Falas dessa natureza são agressivas, e muitas vezes os pais que estão inacessíveis estão, devido a um trabalho. Colocar as responsabilidades pela criança em oposição a responsabilidade com o trabalho é um ato cruel.

 

2.      Nunca diga que a criança é “inútil”, “burra” ou “incompetente”

Crianças com dificuldades de aprender certa matéria, ou com problemas para se organizarem em sala de aula são comuns. Aprender e organizar os estudos não é algo que acontece do dia para a noite, e de forma natural, principalmente quando a matéria é mais abstrata.

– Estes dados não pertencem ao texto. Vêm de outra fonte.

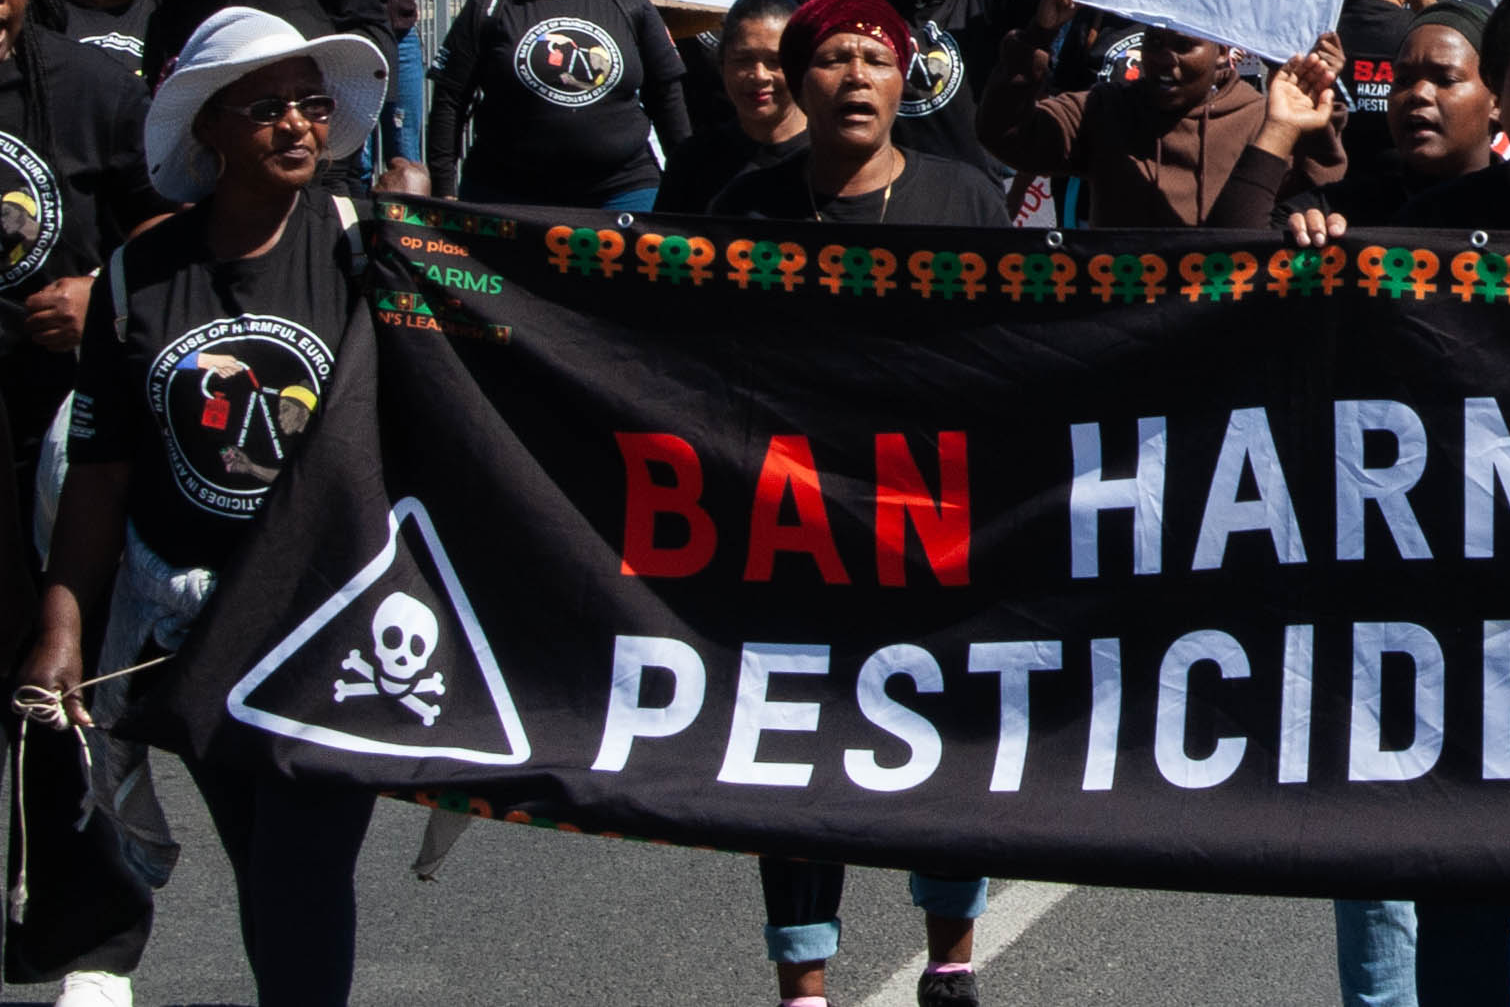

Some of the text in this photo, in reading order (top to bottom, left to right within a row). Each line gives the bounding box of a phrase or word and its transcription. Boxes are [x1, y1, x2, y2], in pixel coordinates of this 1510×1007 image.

Assim, o aluno (e nem ninguém) deve ser chamado de “burro” ou “inútil”. São palavras que tem um teor muito pesado, pois sugerem que as dificuldades da criança são por incapacidade dela aprender e que, diante dessa incapacidade, ela não é válida para a sociedade.

Ninguém é “burro” ou “inútil”. Todos temos nosso valor e nossas dificuldades e limites, cabe ao adulto reconhecer isso.

Já “incompetente” designa a falta de competência em certo ato ou ação. Para um adulto, que estudou o ato ou ação, mas falhou por descaso talvez possa ser usado.

Diferente de palavras como “irresponsável” ou “desatento”. Esses são valores e capacidade que o aluno pode (e deve) aprender. Apontar que a criança não está os praticando não é uma ofensa pesada.

E claro, simplesmente gritar “seu irresponsável” dirá pouco ao jovem, se o professor não explicar, logo em seguida o que se fazer.